Each of the lines from the one that contains "this 1600×900 image." to the end of the entries below should be output exactly.

[Dataset entries]
※

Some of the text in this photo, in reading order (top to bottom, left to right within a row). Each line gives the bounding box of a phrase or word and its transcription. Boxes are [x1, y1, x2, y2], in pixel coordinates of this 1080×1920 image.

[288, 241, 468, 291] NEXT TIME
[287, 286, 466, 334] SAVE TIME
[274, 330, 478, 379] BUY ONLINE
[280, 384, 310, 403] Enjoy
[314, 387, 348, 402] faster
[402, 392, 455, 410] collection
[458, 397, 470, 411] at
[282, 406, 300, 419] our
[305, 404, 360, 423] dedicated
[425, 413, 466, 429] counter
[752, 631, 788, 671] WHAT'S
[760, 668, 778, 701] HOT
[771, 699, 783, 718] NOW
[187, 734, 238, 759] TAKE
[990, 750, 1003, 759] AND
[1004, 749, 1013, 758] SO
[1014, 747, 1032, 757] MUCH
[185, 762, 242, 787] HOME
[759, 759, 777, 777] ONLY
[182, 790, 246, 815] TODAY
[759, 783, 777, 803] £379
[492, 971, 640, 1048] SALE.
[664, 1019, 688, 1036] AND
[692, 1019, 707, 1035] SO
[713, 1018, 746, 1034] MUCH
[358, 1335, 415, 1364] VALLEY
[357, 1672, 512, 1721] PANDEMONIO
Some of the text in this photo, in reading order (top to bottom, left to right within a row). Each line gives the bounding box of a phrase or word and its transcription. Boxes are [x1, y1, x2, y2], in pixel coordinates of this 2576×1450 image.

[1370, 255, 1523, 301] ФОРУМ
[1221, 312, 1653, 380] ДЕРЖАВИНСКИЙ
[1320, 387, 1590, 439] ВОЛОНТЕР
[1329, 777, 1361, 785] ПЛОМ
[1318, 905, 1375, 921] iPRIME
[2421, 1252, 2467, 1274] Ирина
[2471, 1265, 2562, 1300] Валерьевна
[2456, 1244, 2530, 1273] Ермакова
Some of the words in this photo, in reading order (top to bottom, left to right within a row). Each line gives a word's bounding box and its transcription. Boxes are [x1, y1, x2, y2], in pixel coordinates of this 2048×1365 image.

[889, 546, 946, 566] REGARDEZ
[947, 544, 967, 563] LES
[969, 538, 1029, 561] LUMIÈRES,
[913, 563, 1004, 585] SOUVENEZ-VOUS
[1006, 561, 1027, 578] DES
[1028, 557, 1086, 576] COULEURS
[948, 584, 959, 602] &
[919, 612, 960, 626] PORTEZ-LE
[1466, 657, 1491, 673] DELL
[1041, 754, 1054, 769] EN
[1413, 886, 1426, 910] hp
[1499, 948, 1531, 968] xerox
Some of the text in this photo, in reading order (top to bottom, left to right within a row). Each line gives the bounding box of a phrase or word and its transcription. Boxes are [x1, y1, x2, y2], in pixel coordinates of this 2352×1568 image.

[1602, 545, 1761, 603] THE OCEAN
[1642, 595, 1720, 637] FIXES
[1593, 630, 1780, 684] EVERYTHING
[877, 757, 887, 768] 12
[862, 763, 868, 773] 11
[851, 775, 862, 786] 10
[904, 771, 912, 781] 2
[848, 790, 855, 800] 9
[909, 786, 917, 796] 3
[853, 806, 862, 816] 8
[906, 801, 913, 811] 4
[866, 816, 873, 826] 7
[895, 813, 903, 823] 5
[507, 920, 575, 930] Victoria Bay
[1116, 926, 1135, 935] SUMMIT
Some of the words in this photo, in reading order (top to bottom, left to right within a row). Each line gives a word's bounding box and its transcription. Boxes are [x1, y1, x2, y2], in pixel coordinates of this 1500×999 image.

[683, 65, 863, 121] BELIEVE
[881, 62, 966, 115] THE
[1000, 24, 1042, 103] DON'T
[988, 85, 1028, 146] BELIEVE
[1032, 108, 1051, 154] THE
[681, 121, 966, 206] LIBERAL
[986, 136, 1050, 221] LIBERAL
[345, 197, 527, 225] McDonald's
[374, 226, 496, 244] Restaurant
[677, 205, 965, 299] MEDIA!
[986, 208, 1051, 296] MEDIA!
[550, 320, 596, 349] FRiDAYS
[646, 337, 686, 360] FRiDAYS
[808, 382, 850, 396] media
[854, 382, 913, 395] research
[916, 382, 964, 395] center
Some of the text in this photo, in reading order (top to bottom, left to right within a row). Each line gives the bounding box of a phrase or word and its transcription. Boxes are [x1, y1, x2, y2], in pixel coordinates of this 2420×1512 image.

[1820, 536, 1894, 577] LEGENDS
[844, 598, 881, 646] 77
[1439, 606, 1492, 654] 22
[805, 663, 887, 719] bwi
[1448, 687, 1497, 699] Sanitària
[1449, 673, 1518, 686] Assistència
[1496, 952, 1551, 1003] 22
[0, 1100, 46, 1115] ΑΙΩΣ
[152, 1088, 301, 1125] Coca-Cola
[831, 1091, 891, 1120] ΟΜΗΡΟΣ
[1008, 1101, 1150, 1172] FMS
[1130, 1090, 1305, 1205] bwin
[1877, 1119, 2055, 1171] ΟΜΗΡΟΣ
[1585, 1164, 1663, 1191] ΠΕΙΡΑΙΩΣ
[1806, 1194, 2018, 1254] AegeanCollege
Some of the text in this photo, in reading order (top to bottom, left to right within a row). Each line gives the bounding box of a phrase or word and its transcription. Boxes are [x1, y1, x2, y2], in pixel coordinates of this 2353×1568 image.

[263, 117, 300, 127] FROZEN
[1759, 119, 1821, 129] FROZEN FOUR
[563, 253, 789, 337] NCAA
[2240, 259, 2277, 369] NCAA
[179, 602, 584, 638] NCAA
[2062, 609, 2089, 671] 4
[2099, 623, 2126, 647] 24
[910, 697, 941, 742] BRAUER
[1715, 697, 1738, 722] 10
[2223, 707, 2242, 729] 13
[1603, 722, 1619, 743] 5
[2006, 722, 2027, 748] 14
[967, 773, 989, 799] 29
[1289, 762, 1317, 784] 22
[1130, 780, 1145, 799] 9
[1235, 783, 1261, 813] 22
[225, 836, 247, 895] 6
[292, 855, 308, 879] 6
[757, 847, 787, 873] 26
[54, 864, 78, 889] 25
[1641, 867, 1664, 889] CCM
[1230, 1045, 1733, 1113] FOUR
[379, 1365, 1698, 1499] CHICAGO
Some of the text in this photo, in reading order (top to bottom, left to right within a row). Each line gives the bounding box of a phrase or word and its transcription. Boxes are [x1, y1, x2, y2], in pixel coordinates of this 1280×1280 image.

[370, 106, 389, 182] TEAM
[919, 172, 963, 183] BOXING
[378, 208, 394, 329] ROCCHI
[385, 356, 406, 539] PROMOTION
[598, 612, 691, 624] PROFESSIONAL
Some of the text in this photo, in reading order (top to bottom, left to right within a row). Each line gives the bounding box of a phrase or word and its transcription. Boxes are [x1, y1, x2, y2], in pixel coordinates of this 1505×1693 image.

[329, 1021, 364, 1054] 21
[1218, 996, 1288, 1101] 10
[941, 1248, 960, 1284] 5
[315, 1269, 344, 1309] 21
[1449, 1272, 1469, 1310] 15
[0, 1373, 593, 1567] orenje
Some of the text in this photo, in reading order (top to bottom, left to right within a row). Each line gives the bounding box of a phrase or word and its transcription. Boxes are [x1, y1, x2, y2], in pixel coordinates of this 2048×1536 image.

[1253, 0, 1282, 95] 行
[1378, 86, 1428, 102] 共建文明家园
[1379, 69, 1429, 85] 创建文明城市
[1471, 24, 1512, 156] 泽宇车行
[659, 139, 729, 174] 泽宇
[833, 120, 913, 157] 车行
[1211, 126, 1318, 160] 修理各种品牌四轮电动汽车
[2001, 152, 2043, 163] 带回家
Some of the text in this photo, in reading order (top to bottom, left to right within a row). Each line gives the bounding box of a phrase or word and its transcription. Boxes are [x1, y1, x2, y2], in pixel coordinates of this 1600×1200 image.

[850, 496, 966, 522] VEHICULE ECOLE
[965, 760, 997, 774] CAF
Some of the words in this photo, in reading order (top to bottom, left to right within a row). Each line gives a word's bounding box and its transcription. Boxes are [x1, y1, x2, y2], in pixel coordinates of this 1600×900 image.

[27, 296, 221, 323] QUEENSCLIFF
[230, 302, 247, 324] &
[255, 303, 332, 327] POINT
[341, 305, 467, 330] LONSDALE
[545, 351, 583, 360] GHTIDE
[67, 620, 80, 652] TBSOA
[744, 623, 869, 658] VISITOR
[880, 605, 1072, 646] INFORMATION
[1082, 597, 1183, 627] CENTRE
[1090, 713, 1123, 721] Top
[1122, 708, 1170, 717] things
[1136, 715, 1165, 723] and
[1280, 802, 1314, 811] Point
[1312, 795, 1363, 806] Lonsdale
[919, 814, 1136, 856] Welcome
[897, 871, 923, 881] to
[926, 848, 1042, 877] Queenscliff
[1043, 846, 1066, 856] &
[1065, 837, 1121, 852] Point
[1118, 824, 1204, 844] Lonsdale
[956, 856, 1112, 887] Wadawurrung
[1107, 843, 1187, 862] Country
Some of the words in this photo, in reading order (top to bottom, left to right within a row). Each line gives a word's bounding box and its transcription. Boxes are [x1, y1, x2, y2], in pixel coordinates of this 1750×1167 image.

※

WRITTEN REPLY
Some of the words in this photo, in reading order (top to bottom, left to right within a row). Each line gives a word's bounding box and its transcription. Boxes are [x1, y1, x2, y2], in pixel coordinates of this 1600×900 image.

[27, 296, 221, 323] QUEENSCLIFF
[230, 302, 247, 324] &
[255, 303, 332, 327] POINT
[341, 305, 467, 330] LONSDALE
[545, 351, 583, 360] GHTIDE
[67, 620, 80, 652] TBSOA
[744, 623, 869, 658] VISITOR
[880, 605, 1072, 646] INFORMATION
[1082, 597, 1183, 627] CENTRE
[1090, 713, 1123, 721] Top
[1122, 708, 1170, 717] things
[1136, 715, 1165, 723] and
[1280, 802, 1314, 811] Point
[1312, 795, 1363, 806] Lonsdale
[919, 814, 1136, 856] Welcome
[897, 871, 923, 881] to
[926, 848, 1042, 877] Queenscliff
[1043, 846, 1066, 856] &
[1065, 837, 1121, 852] Point
[1118, 824, 1204, 844] Lonsdale
[956, 856, 1112, 887] Wadawurrung
[1107, 843, 1187, 862] Country
Some of the words in this photo, in reading order (top to bottom, left to right within a row). Each line gives a word's bounding box and its transcription. Boxes are [x1, y1, x2, y2], in pixel coordinates of this 1750×1167 image.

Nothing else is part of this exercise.